L’an X marque un tournant pour la plantation. Calvel en fait une description très vivante : « La fin de l’hiver et le commencement du printemps de l’an X, virent commencer la plantation de cette pépinière ; en ce moment le bas de la terrasse offre un espalier de pêchers, dont plusieurs fait dès la première année des pousses d’un mètre cinquante ou de deux mètres (4 pieds et 6 pieds) de longueur. L’allée parallèle à cette terrasse est bordée de chaque côté de poiriers pyramidaux de 2 ans, de la plus belle espérance et dont la vigueur dépose en faveur de celui qui eut le talent de les former et de les planter. L’allée du fond renferme la collection la plus complète en prunes et cerises de toute espèce, et à proportion que les carrés se formeront, la collection augmentera, des arbres  qu’on tirera de la pépinière, et qui seront écussonnés cette année.» 
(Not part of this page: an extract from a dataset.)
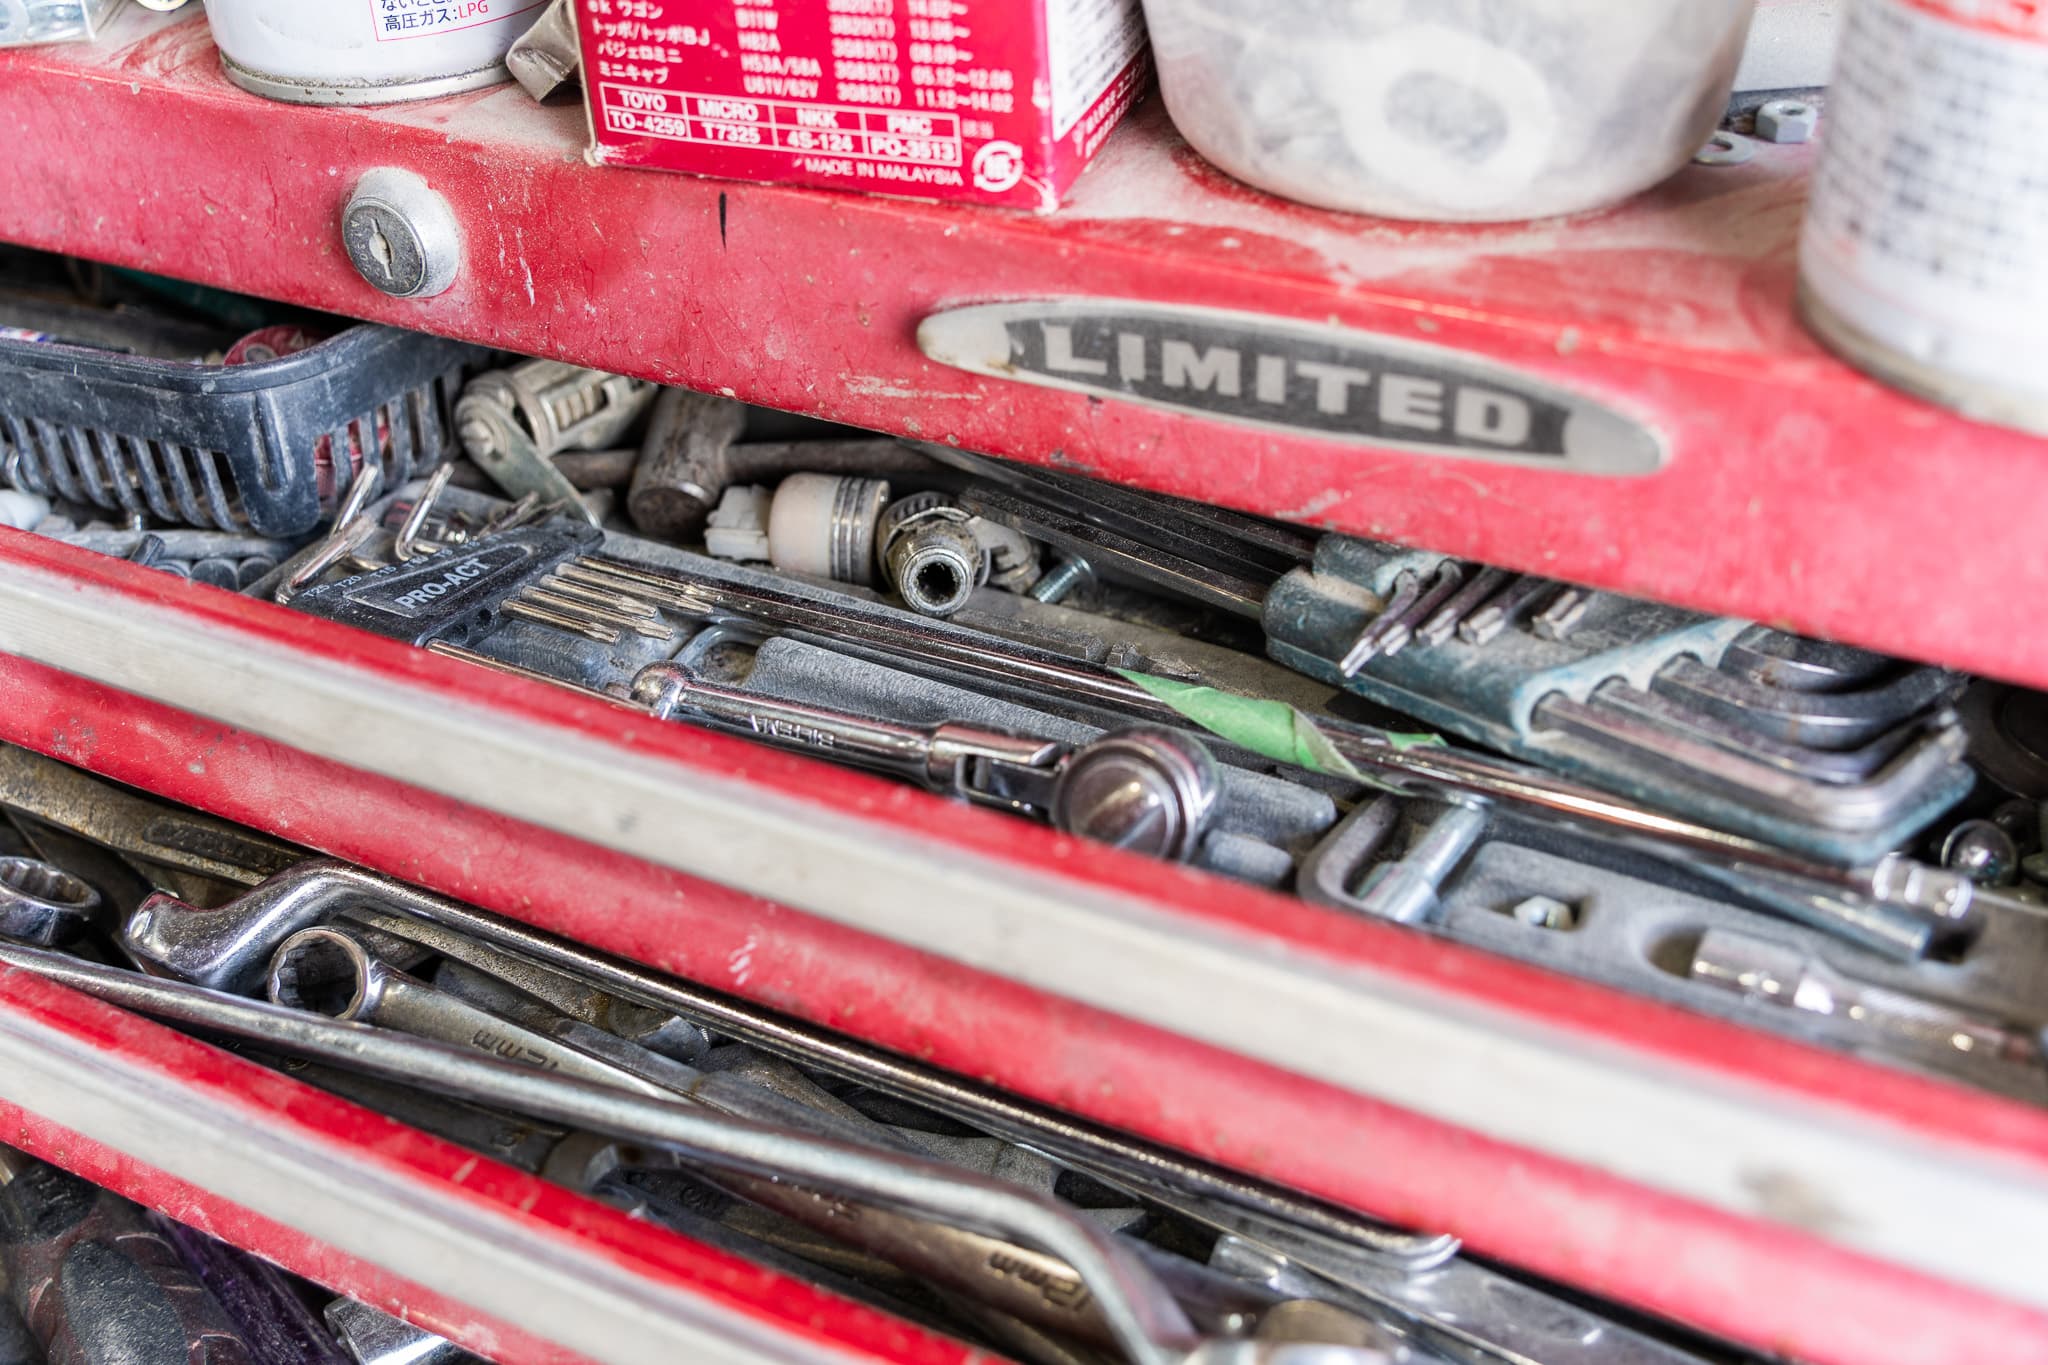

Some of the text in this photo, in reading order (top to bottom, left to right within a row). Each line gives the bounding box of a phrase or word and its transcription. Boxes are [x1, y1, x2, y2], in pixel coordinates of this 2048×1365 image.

Chaptal demande à l’ensemble des préfets de faire parvenir à la pépinière des plants de chaque espèce et variété de vigne de leur département, afin de constituer une collection à visée scientifique, dont le catalogue rappelle la diversité unique.

La pépinière a ses détracteurs : le terrain serait épuisé (mais la nouvelle pépinière n’est pas établie sur l’ancienne), le terrain serait trop bon (donc les arbres vendus périraient ailleurs), le terrain aurait été planté trop tôt (la suite le dément). Pour encourager un projet dont il a été le principal instigateur, Chaptal visite la pépinière et témoigne publiquement sa satisfaction. Il fait changer l’opinion publique. Les gelées tardives menacent les pieds de vignes (80 sur les 3000 périssent) et quelques pommiers. 24000 plants sont écussonnés, malgré la perplexité de la société d’agriculture. Ces initiatives sont un succès.

 
Le 13 mai 1809, l’arrêté de Champmol, nouveau ministre de l’intérieur, officialise l’établissement « d’un cours pratique et gratuit pour la culture des arbres ». Dans son ouvrage, Calvel rappelle la vocation d’éducation populaire du lieu, souhaitée par le ministre : «  cette pépinière fut ouverte aux amateurs qui voulaient la visiter, aux personnes qui désiraient acquérir des connaissances pratiques. On en a vu demander à travailler avec les ouvriers instruits, ou qui pouvaient les guider. » Les cours se déroulent du 15 janvier au 15 octobre, « en 3 parties, chacune d’une durée de deux mois » (15 janvier, 15 mai, 15 août).

Dans son Catalogue[4], Hervy décrit la topographie de l’école : « pour atteindre ce but avec plus de succès, dans un terrain absolument séparé de la pépinière par l’allée qui conduit du jardin du Luxembourg aux nouveaux boulevards, son Excellence a ordonné qu’on formât une école de la contenance d’environ deux hectares et demi (5 arpens) où se trouveraient réunies, dans un ordre classique, toutes les espèces et les variétés de chaque fruit. »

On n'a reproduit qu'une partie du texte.